The Wall Street Journal had an interesting article about a week ago titled, “Microsoft Hits Back as Google Muscles In,” and it had us at Silicon Valley Research Group thinking about Microsoft’s latest strategic business moves to stay atop of the game. As the old adage goes, “work smarter not harder,” and that is exactly what Microsoft is accomplishing by brining together a cloud version of its already successful and established Office Web Apps when it introduced Office 365 to the market. Google has been doing really well with its Google Docs and Apps products and Microsoft has definitely taken notice. With Office 365, Microsoft is looking to maintain dominance in enterprise computing, by competing more forcefully for the small business sector.
Microsoft has been, and still is, the dominant force with business-software, but still needs to continue growing its enterprise business without missing a beat. However one of Microsoft’s biggest threats is from Google, who according to WSJ has been, “encroaching on its business-software turf.” While Microsoft maintains a huge dedication in large enterprises, Google Docs and Apps have received a lot of attention from the small business market. Google’s small business appeal can be seen as a critical threat to Microsoft as it could be used to leverage into success with larger enterprises. Small businesses play a vital role for Microsoft’s future, because as some of them grow into larger businesses they would likely consider continuing to use their current software partners. If Google grew with these companies, they could become an even greater threat to Microsoft’s entire enterprise business. Office 365 appears to be serving as strong a business applications B2B market strategy and competitive response from Microsoft to help them maintain their business-software dominance in the short and long-term.
Industry analysts believe that Microsoft has been slow to embrace the cloud, focusing more on server-based applications, virtualization and other on premise solutions. Office 365 is certainly proving skeptics wrong with its strong cloud computing B2B market strategy. “Bigger mailboxes, less spam, improved collaboration, and time saving’s of 50% on support and more productive employees,” has been the difference for Cervus, a rapidly growing industrial equipment company. The ability for smaller companies to pick up Office 365 to help scale their own business is a huge win for Microsoft. Customers report enjoying the fact that Office 365’s cloud system has helped kept their growing businesses organized and “in sync.”
Microsoft and other companies really need to understand the customer anthropology behind the usage of their products. In this case, small business owners and their employees using Office365 need to be “shadowed” to determine patterns and habits of usage. In addition, users of competing products, most notably Google Docs and Google Apps need to be shadowed too for cloud computing competitive benchmarking. The resultant force field analysis map should be able to pinpoint strongest attributes of the product, not in the vendors’ judgment, but from the users perspective as well as weaknesses in the other offerings.

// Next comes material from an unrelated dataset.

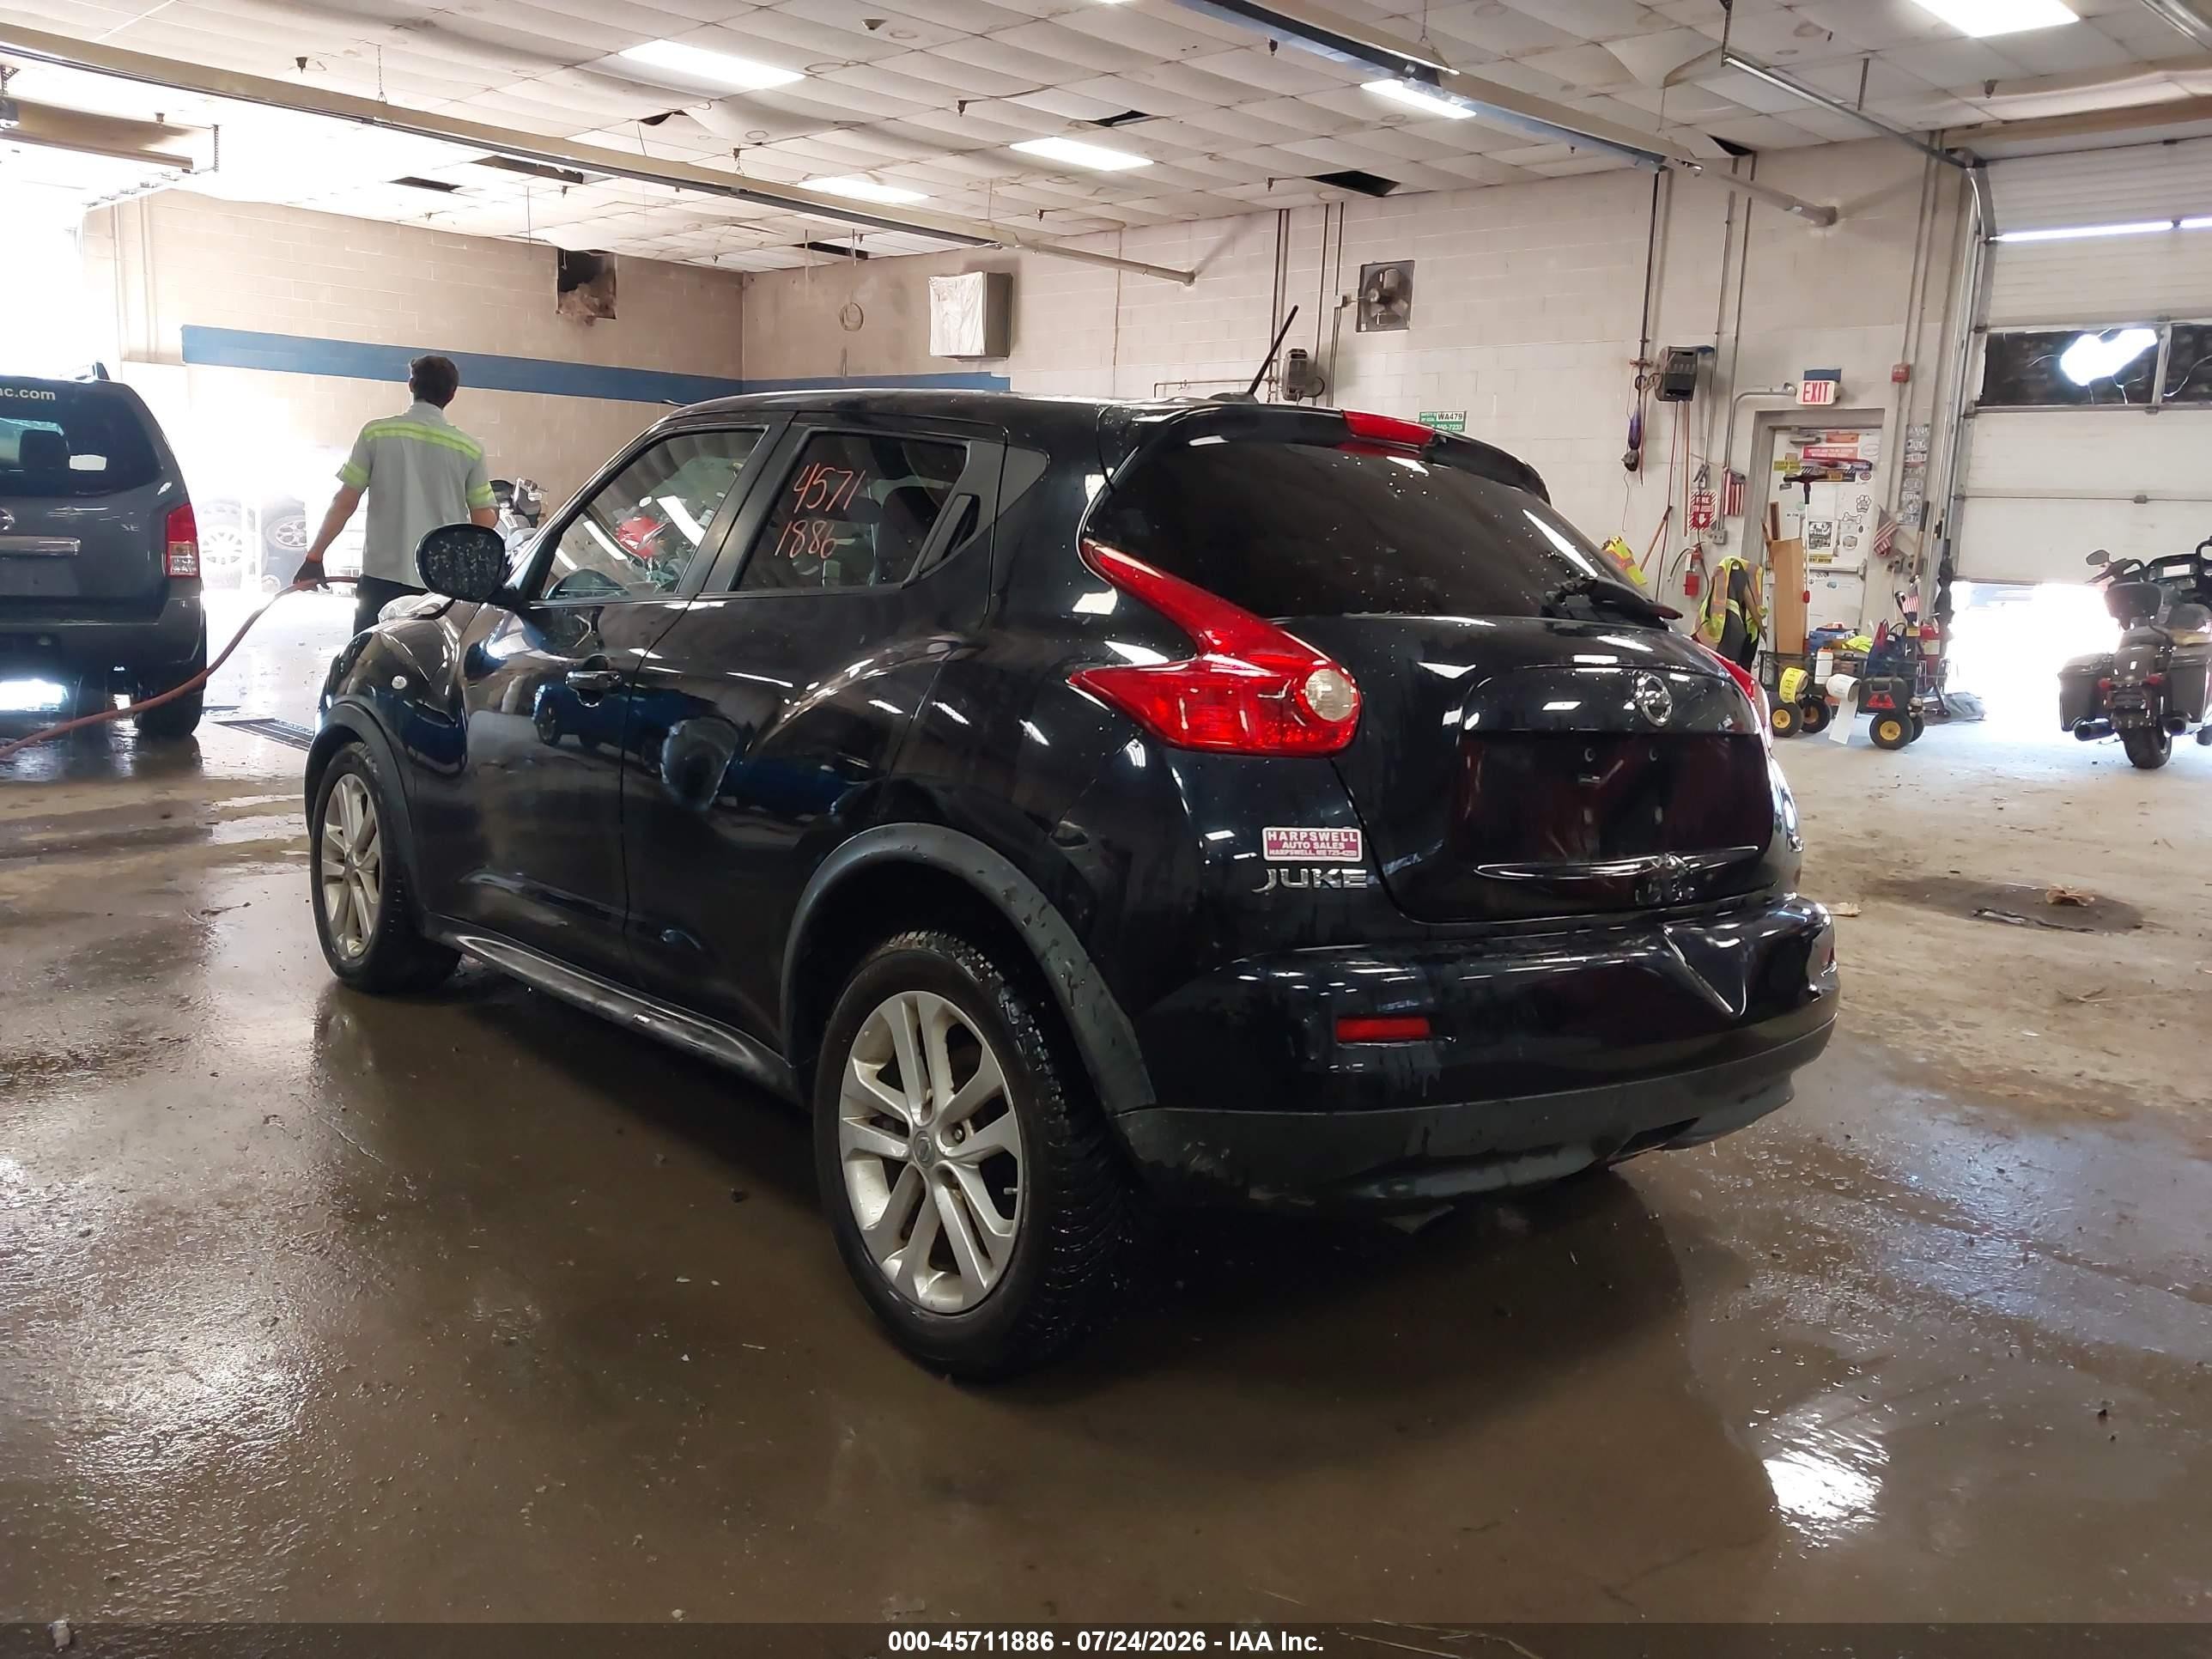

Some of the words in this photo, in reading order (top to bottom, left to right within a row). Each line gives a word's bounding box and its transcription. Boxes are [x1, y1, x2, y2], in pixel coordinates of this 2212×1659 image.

The force field map should reveal:
1. Strengths in the product offering
2. Weaknesses in competitors’ offerings
3. Weaknesses in competitor strengths!
Maybe Microsoft came into the cloud game a little late according to critics, but it certainly has not disappointed and has been making significant efforts to ensure an awesome product; as well tying up any loose ends for future business endeavors. Office 365 is the right fit for any organization, big or small looking to “work smarter not harder,” by boosting productivity by making it much easier for employees to collaborate more effectively in day to day business.